Talk through what you are thinking – a large part of a technical interview is understanding how the person is thinking, even if you’re running through approaches to eliminate. Getting to an answer is only part of what the interviewer is looking for, and they want to see what your thought process is.
Ask for help (but not too quickly!) – it’s OK that you don’t know everything, and sometimes get stuck. If you get stuck, explain what you are stuck on and the interviewer will be prepared to guide you.
Use what you are familiar with – you will likely be asked to code in the language you are most comfortable with. Do it! Some students think the interviewer is ‘expecting’ them to use a certain language because it’s one we used at the hiring company, but that’s not the case.
Perfection is not required – while no interviewer is ever going to complain if you do everything perfectly, forgetting a little piece of syntax, or a particular library function name is not fatal. It’s more important that you write code that is easy to follow and logically reasoned through. Also remember it’s OK to ask for help if you are truly stuck. At the same time, if your syntax is way off, and you’re asking for help on every line of code then you’re probably not demonstrating the level of mastery that is expected.
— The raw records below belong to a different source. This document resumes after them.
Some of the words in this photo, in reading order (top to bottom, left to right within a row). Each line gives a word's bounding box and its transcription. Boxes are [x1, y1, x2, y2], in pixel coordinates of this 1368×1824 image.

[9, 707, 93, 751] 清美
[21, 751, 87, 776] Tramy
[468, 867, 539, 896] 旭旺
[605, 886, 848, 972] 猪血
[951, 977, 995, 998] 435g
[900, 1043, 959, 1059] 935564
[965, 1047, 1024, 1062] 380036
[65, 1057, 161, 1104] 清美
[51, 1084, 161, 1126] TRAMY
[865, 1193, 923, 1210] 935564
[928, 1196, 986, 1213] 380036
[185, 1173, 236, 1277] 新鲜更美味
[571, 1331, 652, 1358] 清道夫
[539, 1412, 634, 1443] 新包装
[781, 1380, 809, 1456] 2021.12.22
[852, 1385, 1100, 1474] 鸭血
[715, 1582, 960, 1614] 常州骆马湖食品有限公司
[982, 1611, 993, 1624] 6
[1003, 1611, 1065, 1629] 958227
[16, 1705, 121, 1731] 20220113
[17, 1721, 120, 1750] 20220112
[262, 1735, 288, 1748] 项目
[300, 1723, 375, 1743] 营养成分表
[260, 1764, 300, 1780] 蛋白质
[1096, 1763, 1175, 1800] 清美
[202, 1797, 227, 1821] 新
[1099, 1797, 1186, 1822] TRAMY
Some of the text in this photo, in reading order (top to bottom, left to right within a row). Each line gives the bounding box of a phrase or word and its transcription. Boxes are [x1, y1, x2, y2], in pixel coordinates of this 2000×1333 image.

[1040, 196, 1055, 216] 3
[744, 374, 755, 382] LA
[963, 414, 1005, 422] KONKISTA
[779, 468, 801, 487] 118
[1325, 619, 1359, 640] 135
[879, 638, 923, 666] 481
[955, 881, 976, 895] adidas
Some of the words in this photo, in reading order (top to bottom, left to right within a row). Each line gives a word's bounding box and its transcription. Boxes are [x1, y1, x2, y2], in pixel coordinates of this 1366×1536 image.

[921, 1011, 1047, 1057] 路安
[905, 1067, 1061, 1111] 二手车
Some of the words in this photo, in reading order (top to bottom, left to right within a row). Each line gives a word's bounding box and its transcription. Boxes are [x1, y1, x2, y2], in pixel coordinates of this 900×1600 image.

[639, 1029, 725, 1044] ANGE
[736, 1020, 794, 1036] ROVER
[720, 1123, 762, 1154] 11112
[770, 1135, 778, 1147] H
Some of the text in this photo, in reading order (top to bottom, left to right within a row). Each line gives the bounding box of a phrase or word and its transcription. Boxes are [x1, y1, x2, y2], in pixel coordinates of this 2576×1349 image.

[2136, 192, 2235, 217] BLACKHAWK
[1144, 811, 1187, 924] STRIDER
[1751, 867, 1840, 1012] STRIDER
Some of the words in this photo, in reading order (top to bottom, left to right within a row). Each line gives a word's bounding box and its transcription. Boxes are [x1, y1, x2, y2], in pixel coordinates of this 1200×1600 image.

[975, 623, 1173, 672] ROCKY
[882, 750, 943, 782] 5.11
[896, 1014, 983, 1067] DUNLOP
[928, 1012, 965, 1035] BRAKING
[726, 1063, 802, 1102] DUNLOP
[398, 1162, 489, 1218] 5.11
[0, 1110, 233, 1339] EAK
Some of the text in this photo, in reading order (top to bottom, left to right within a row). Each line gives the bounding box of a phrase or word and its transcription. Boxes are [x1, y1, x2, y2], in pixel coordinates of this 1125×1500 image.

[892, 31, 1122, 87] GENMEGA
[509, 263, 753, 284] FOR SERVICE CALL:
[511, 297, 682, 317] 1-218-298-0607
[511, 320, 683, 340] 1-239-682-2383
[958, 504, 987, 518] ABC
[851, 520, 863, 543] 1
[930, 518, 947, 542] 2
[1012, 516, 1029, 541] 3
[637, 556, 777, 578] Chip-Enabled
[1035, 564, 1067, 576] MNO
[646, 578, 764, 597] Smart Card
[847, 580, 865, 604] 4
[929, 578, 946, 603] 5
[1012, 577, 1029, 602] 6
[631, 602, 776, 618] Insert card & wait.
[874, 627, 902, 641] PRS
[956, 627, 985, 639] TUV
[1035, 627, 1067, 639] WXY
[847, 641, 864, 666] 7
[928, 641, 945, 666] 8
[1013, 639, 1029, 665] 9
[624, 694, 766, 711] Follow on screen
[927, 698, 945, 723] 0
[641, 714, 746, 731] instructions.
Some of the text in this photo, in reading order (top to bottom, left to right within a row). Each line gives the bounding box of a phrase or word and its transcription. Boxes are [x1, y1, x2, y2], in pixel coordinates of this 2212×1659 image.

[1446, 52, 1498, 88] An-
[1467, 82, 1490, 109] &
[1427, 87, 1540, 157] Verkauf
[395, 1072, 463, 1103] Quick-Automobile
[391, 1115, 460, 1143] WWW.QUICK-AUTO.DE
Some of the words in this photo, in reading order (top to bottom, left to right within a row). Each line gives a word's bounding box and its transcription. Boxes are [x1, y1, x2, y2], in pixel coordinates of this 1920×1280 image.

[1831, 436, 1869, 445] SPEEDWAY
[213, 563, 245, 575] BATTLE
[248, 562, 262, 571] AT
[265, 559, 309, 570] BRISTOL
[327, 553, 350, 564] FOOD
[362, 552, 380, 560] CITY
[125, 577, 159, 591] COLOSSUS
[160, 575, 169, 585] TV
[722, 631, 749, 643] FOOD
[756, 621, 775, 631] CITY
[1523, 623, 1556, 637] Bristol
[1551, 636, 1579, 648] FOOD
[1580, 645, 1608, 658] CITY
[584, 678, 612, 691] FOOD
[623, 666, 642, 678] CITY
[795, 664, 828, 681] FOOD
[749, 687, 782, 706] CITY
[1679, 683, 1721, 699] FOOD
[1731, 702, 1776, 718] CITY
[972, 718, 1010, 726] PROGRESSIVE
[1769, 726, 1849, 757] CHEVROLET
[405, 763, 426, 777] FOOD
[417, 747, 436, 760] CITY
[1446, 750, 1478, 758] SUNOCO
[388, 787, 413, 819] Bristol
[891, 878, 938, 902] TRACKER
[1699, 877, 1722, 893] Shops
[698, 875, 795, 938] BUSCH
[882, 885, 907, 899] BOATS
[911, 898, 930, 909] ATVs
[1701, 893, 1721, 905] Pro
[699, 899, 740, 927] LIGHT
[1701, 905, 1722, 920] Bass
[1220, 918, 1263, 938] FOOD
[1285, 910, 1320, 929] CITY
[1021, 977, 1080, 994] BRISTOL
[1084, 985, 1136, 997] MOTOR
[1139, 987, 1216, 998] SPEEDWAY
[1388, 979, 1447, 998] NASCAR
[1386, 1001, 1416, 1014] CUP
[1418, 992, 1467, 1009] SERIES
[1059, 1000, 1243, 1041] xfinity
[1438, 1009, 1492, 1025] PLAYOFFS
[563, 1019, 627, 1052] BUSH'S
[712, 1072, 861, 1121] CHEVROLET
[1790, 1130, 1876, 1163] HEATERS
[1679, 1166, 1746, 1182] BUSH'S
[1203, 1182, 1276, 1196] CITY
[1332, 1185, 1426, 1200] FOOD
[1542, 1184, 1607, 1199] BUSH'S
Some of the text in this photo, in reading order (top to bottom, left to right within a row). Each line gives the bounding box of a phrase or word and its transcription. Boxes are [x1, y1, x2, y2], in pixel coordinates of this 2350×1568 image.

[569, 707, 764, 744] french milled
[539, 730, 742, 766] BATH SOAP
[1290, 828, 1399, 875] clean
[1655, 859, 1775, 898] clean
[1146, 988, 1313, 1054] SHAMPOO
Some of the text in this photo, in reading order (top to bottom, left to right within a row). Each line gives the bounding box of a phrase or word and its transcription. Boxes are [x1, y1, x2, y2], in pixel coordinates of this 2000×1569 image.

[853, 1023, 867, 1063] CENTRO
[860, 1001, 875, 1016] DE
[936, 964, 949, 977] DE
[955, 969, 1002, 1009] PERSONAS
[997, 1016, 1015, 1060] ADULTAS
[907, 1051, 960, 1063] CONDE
Consider bringing a laptop if you have code to show – while the interviewer may choose to focus on whiteboard problem-solving, it is a nice option to be able to offer showing them code you’ve written. Be sure to bring your best examples; ones that show off your strengths or originality. Make sure it is code you know inside-out as you will likely be questioned in detail about why you did things a certain way.
Come prepared with questions for the interviewer – the interview is an opportunity for you to get to know the company in more detail, and see if it’s somewhere you’d like to work. Think about the things that are important to you, and that you’d use to decide between different employment/internship offers.

Over my career I’ve found that these rules of thumb apply well in all technical interview/application processes, and hopefully they are useful guidance for students out there. Any other advice from readers?